The exception being language courses.
Each student can choose to study French, German or Spanish. So Spanish for year 2 is studied by a cross section of Science year 2 students, and Social Studies year 2 students, etc.
From the experience of previous (manual) scheduling, the optimal solution it's almost guaranteed to schedule all language classes in the same time slots. (If French is scheduled at 9 on Thursdays, then German and Spanish can be scheduled "for free" at 9 on Thursdays.)
Problem
There are many time slots in one semester, and the chances that OptaPlanner will discover a solution where all language lectures are scheduled at the same time by randomly moving individual lectures is small.

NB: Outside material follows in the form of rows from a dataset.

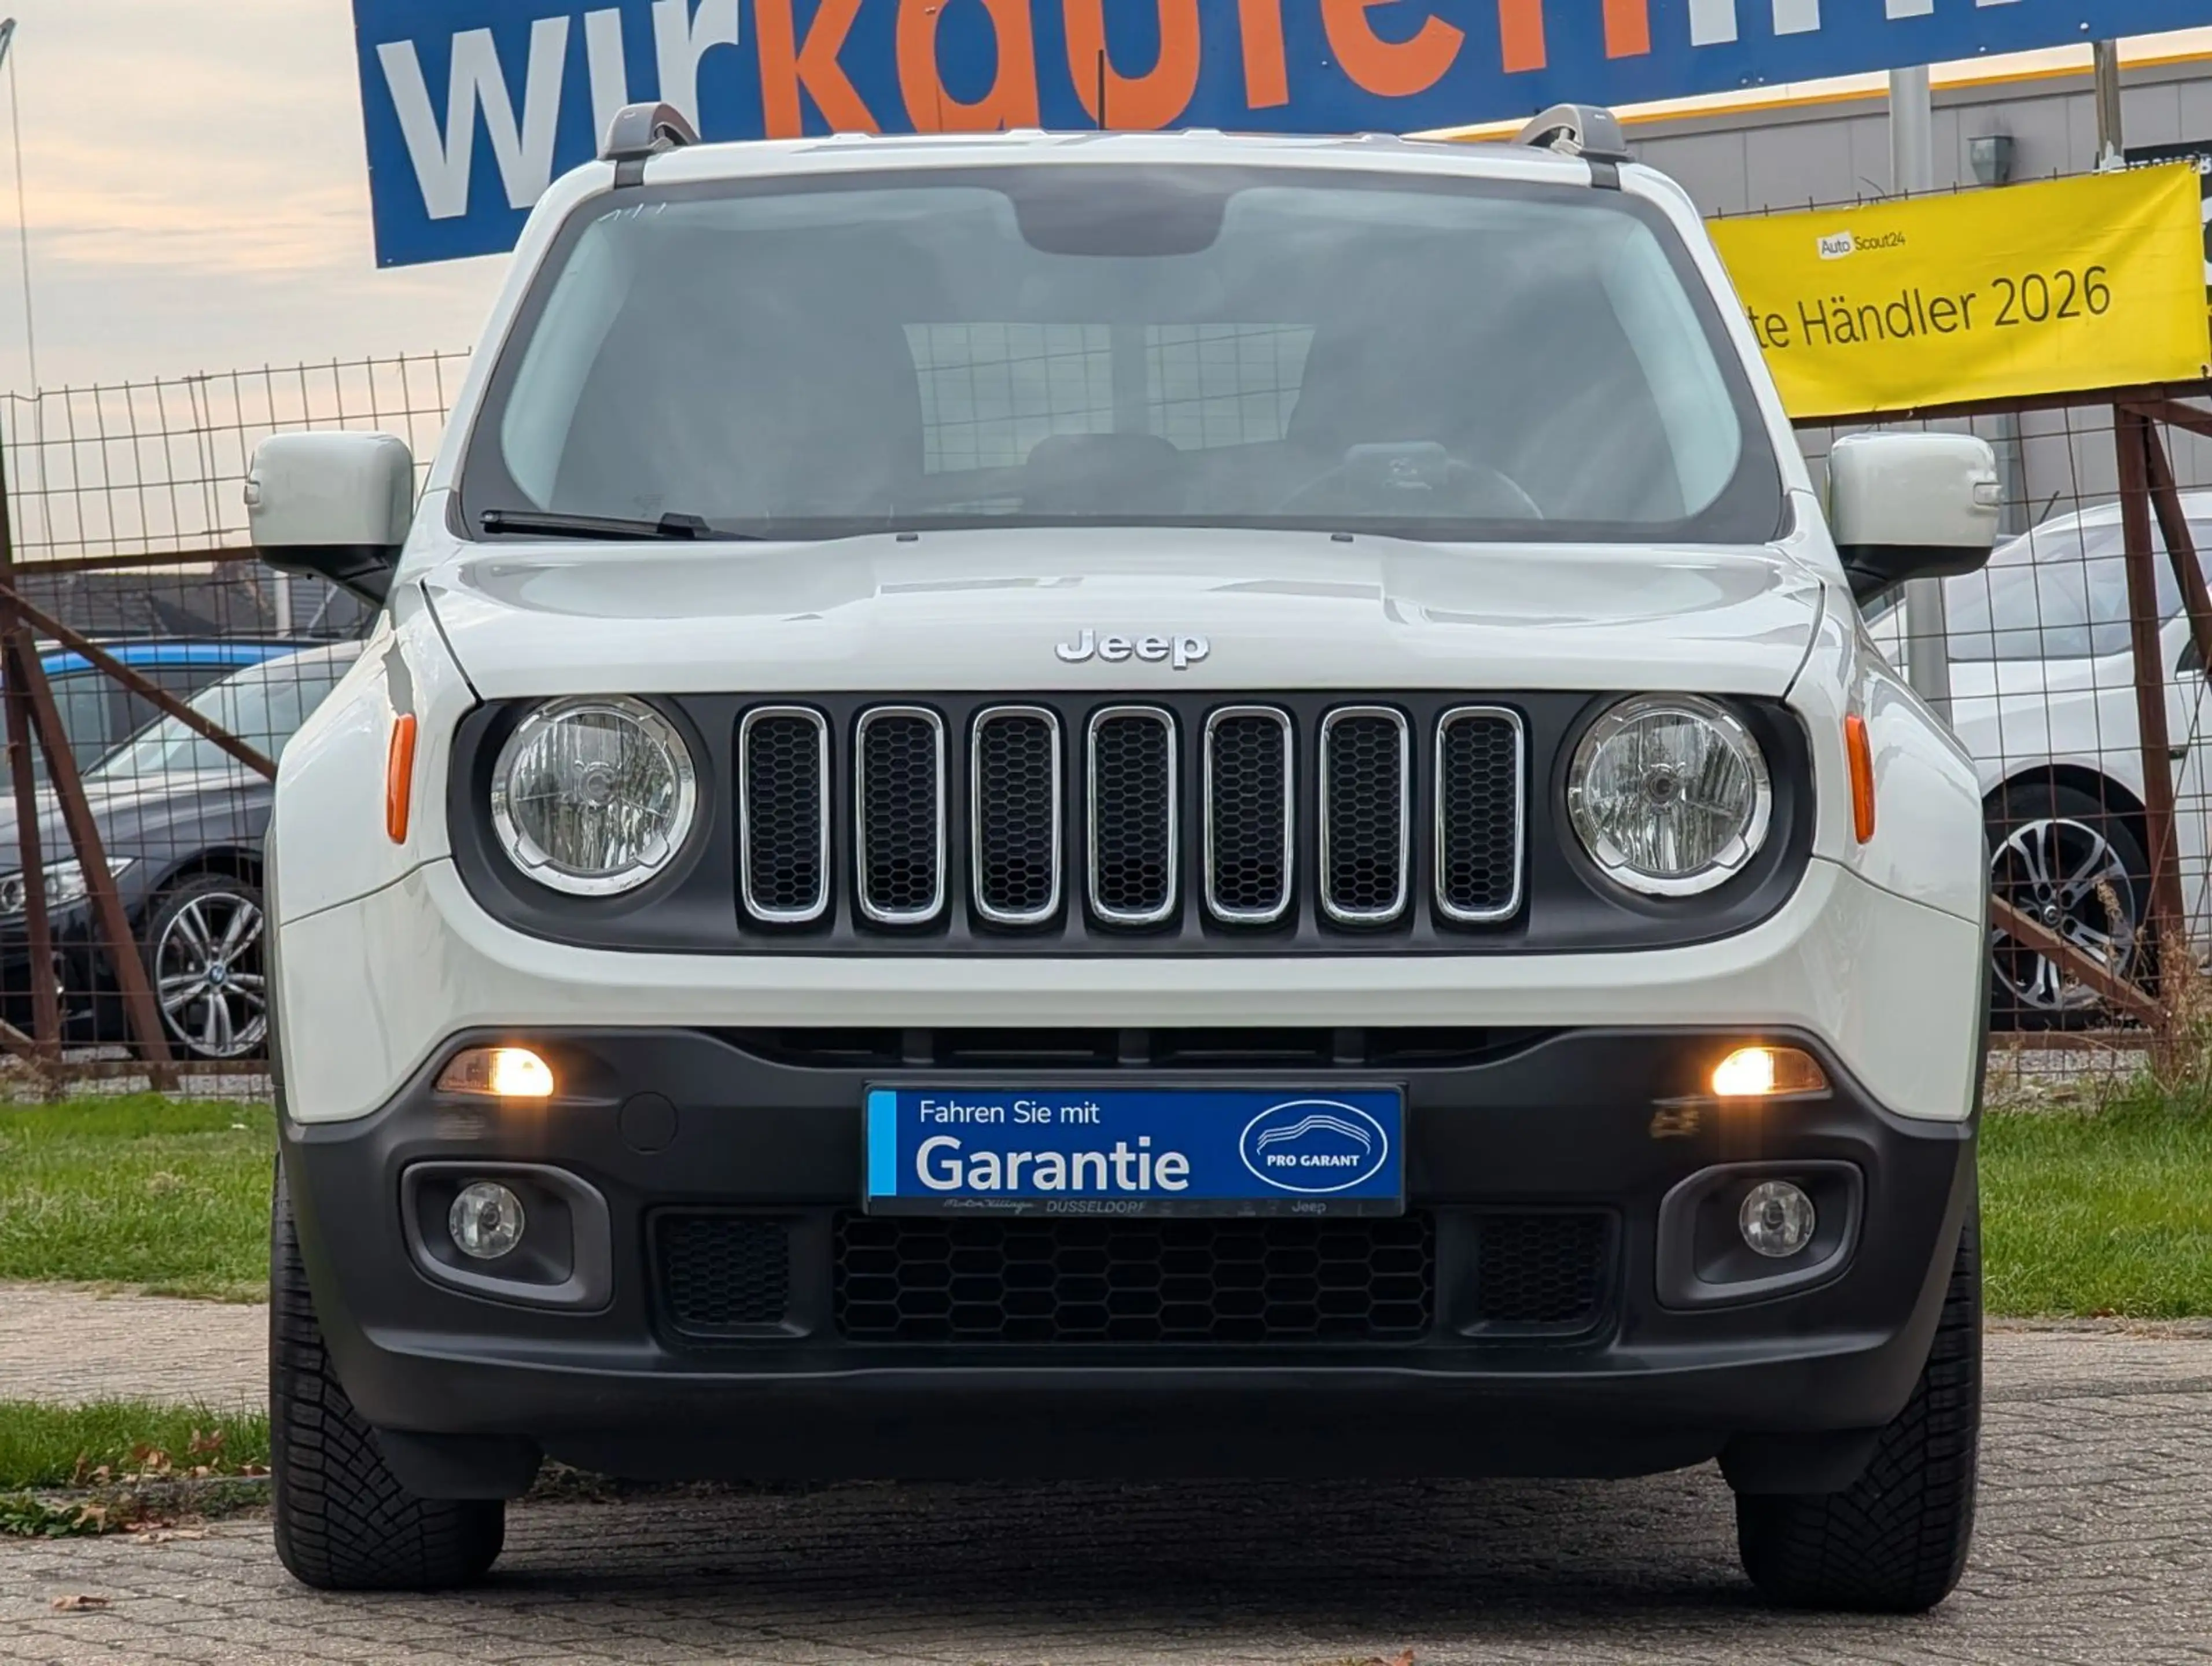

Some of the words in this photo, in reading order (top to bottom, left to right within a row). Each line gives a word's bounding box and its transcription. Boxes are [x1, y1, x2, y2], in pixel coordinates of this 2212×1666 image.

[1822, 240, 1850, 253] Auto
[1854, 232, 1906, 250] Scout24
[1798, 288, 1977, 345] Händler
[1991, 266, 2110, 326] 2026
[1055, 628, 1210, 671] Jeep
[921, 1100, 1004, 1123] Fahren
[1014, 1100, 1051, 1123] Sie
[1061, 1101, 1100, 1123] mit
[916, 1135, 1190, 1191] Garantie
[1267, 1155, 1297, 1166] PRO
[1300, 1155, 1360, 1166] GARANT
[1291, 1200, 1326, 1214] Jeep

Also, similarly to problem 1: If OptaPlanner does manage to schedule French, German and Spanish at the same time, these "blocks" will never be moved elsewhere, since they are individual lectures, and the chances that all lectures will "randomly" move to the same new slot is tiny. Even with a large Tabu history length and so on.
My thoughts so far
As for problem 1 ("Weekly predictability") I'm thinking of doing the following:
In the construction phase for the full-semester-schedule I create a reduced version of the problem, that schedules (a reduced set of lectures) into a single "template week". Let's call it a "single-week-pre-scheduling". This template week is then repeated in the construction of the initial solution of the full semester which is the "real" planning entity.
The local search steps will then only focus on inserting PE excursions etc, and adjusting the schedule for the affected weeks.
As for problem 2 I'm thinking that the solution to problem 1 might solve this. In a 1 week schedule, it seems reasonable to assume that OptaPlaner will realize that language classes should be scheduled at the same time.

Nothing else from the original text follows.